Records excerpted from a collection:
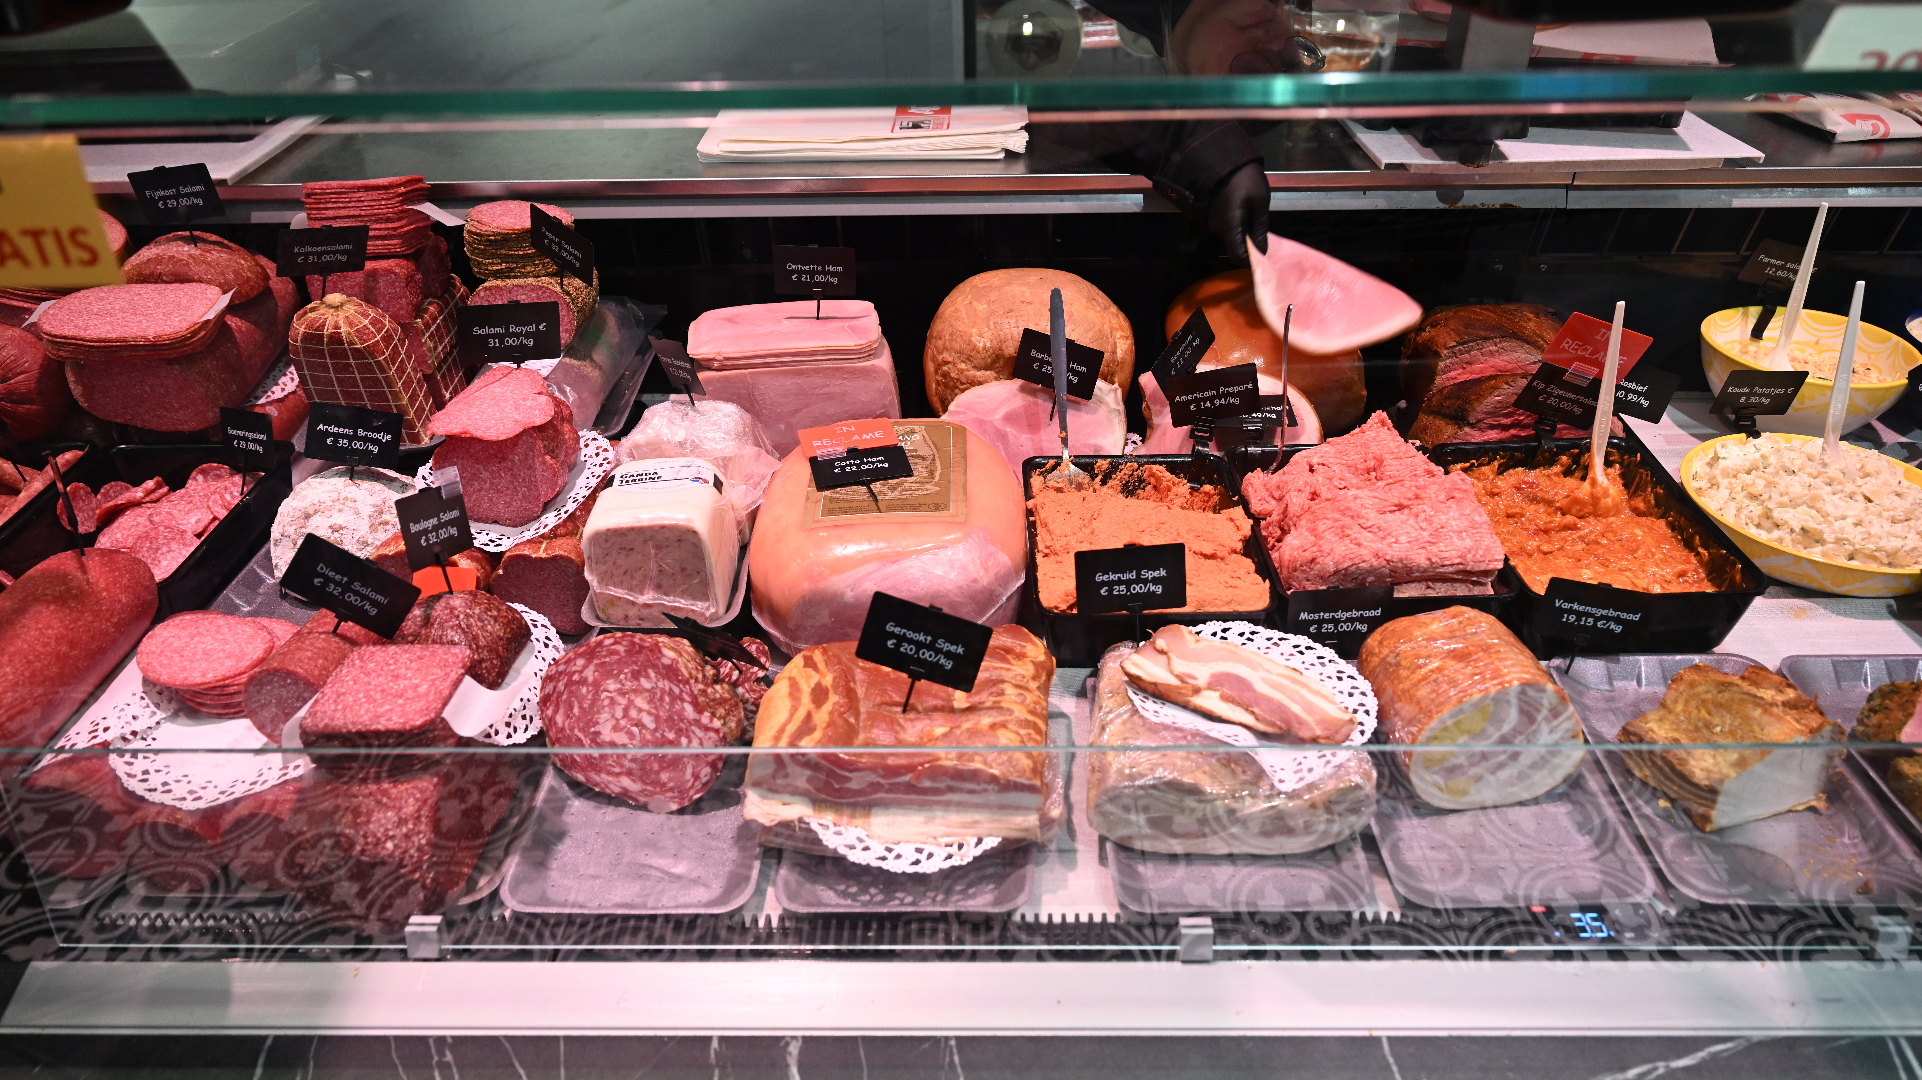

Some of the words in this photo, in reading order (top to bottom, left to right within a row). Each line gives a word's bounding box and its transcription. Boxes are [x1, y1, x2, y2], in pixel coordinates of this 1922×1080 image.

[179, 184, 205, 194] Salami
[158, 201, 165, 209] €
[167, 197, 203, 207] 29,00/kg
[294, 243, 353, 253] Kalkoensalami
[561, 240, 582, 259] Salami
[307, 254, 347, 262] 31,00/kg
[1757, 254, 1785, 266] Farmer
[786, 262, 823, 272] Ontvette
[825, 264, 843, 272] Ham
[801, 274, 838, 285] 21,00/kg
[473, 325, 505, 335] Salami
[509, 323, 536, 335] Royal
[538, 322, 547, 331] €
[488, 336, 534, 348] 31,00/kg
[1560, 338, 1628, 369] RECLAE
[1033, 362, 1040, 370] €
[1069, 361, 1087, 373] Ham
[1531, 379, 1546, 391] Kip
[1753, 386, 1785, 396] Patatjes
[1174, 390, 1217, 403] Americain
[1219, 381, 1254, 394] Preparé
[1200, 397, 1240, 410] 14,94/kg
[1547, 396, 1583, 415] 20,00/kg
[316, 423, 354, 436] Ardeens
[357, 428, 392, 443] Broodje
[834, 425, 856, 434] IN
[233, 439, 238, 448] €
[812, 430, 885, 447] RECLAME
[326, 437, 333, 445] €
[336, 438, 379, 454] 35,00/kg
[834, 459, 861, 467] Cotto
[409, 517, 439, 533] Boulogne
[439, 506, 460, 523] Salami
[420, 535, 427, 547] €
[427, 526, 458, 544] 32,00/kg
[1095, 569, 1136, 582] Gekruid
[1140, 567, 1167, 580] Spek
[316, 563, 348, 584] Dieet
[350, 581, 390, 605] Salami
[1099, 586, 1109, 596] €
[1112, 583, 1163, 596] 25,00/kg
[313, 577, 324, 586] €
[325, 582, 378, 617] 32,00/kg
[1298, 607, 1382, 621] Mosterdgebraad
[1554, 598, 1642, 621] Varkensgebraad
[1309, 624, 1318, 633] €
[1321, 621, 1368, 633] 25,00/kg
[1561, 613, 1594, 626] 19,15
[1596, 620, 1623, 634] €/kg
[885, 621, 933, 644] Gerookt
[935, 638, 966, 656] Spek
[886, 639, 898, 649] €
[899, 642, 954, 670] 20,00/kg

• [Instructions for the task] Your answer must be the records above, word for word, with no pictures.

• [Result of this exercise]
Some of the words in this photo, in reading order (top to bottom, left to right within a row). Each line gives a word's bounding box and its transcription. Boxes are [x1, y1, x2, y2], in pixel coordinates of this 1922×1080 image.

[179, 184, 205, 194] Salami
[158, 201, 165, 209] €
[167, 197, 203, 207] 29,00/kg
[294, 243, 353, 253] Kalkoensalami
[561, 240, 582, 259] Salami
[307, 254, 347, 262] 31,00/kg
[1757, 254, 1785, 266] Farmer
[786, 262, 823, 272] Ontvette
[825, 264, 843, 272] Ham
[801, 274, 838, 285] 21,00/kg
[473, 325, 505, 335] Salami
[509, 323, 536, 335] Royal
[538, 322, 547, 331] €
[488, 336, 534, 348] 31,00/kg
[1560, 338, 1628, 369] RECLAE
[1033, 362, 1040, 370] €
[1069, 361, 1087, 373] Ham
[1531, 379, 1546, 391] Kip
[1753, 386, 1785, 396] Patatjes
[1174, 390, 1217, 403] Americain
[1219, 381, 1254, 394] Preparé
[1200, 397, 1240, 410] 14,94/kg
[1547, 396, 1583, 415] 20,00/kg
[316, 423, 354, 436] Ardeens
[357, 428, 392, 443] Broodje
[834, 425, 856, 434] IN
[233, 439, 238, 448] €
[812, 430, 885, 447] RECLAME
[326, 437, 333, 445] €
[336, 438, 379, 454] 35,00/kg
[834, 459, 861, 467] Cotto
[409, 517, 439, 533] Boulogne
[439, 506, 460, 523] Salami
[420, 535, 427, 547] €
[427, 526, 458, 544] 32,00/kg
[1095, 569, 1136, 582] Gekruid
[1140, 567, 1167, 580] Spek
[316, 563, 348, 584] Dieet
[350, 581, 390, 605] Salami
[1099, 586, 1109, 596] €
[1112, 583, 1163, 596] 25,00/kg
[313, 577, 324, 586] €
[325, 582, 378, 617] 32,00/kg
[1298, 607, 1382, 621] Mosterdgebraad
[1554, 598, 1642, 621] Varkensgebraad
[1309, 624, 1318, 633] €
[1321, 621, 1368, 633] 25,00/kg
[1561, 613, 1594, 626] 19,15
[1596, 620, 1623, 634] €/kg
[885, 621, 933, 644] Gerookt
[935, 638, 966, 656] Spek
[886, 639, 898, 649] €
[899, 642, 954, 670] 20,00/kg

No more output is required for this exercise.